|Title :||Dependent Origination: Toward a Theory of Meaning|
|Type :||Master Degree Thesis|
|File Size :||2.67 MB|
|Date Submitted :|
|Author :||Mr. Hel Rithy|
The study explores the scientific nature of Buddhist onto-epistemology that dominate almost all Buddhist theories and practices. With special regard to theory of meaning, it demonstrates how a Buddhist theory of meaning, owing much to Buddhist onto-epistemology, can be incorporated with western approaches for textual analysis.
A number of research methods were used, including comparative approaches, direct analogy, symbolic interactionsim and structural semiotic analysis.
The outcomes of the study show parallels between Buddhist approaches to reality with Einstein’s approach. Buddhist onto-epistemology is qualified to be synthesised with western ontology in order to develop a generative approach to reality, which may thereby suggest modifications to various western methodologies for improved research in contemporary sciences, in particular, social sciences.
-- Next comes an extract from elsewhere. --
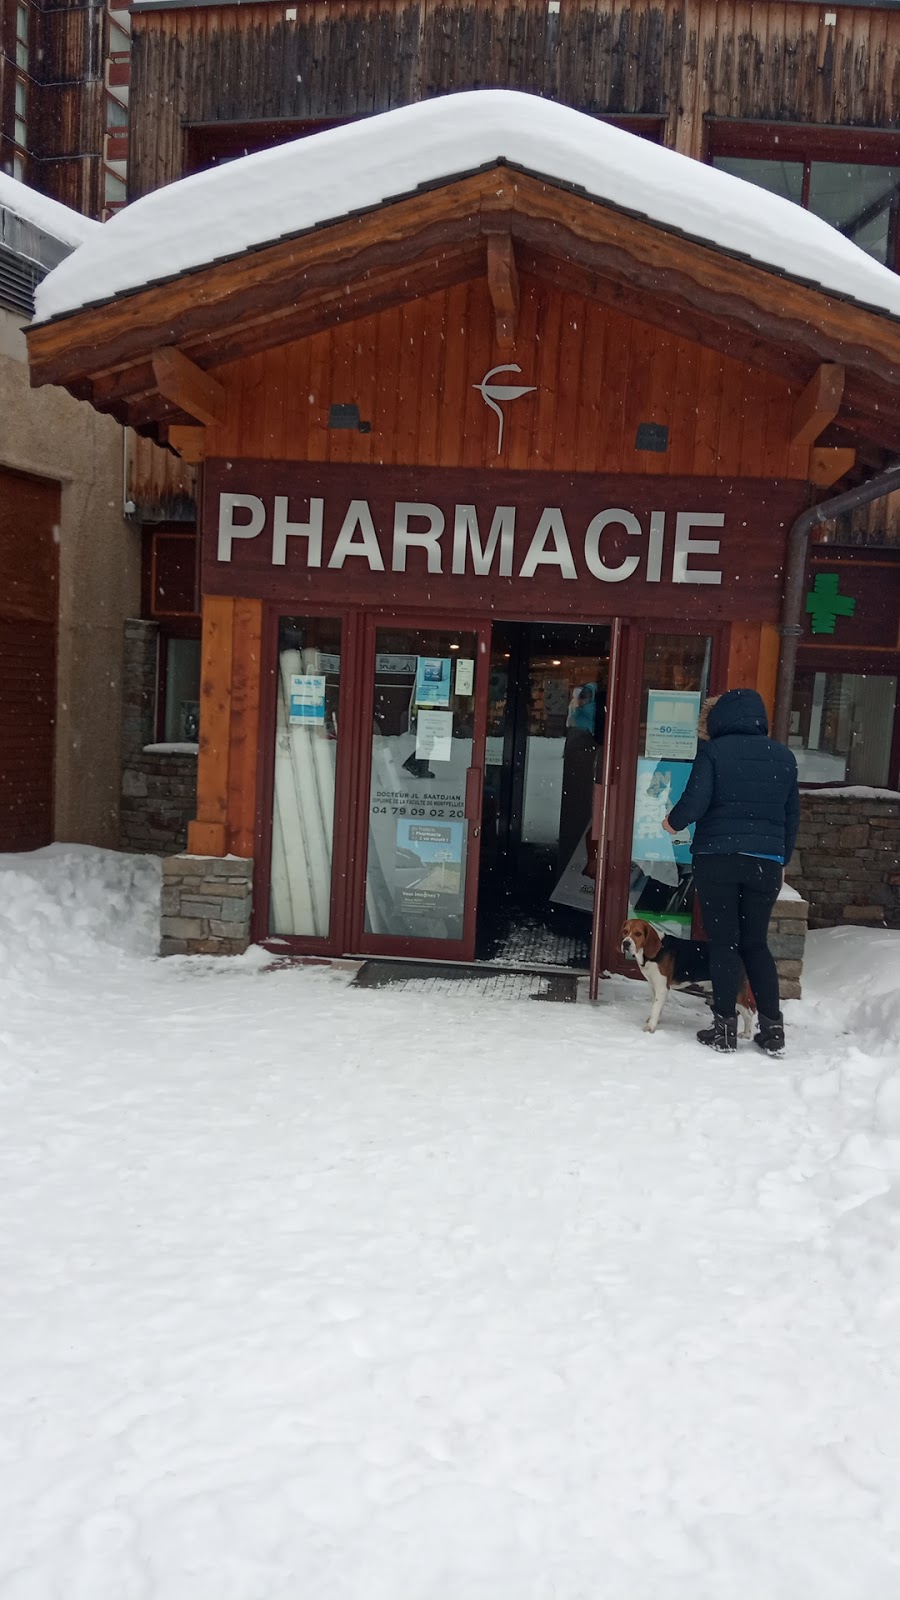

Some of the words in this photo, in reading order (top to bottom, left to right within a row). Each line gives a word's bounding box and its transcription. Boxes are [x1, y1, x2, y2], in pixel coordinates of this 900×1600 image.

The results also demonstrate that there are parallels between the Buddhist theory of meaning and theories of structuralism and symbolic interactionism in social psychology. Although the Buddha emphasises the inseparable coincidence between our inner capacity for language and symbolization, and our social interactions, both social psychology and Buddhism use ‘desire’ as an orienting system of semiosis, and behaviour systems. This makes a good basis on which to try and integrate these approaches.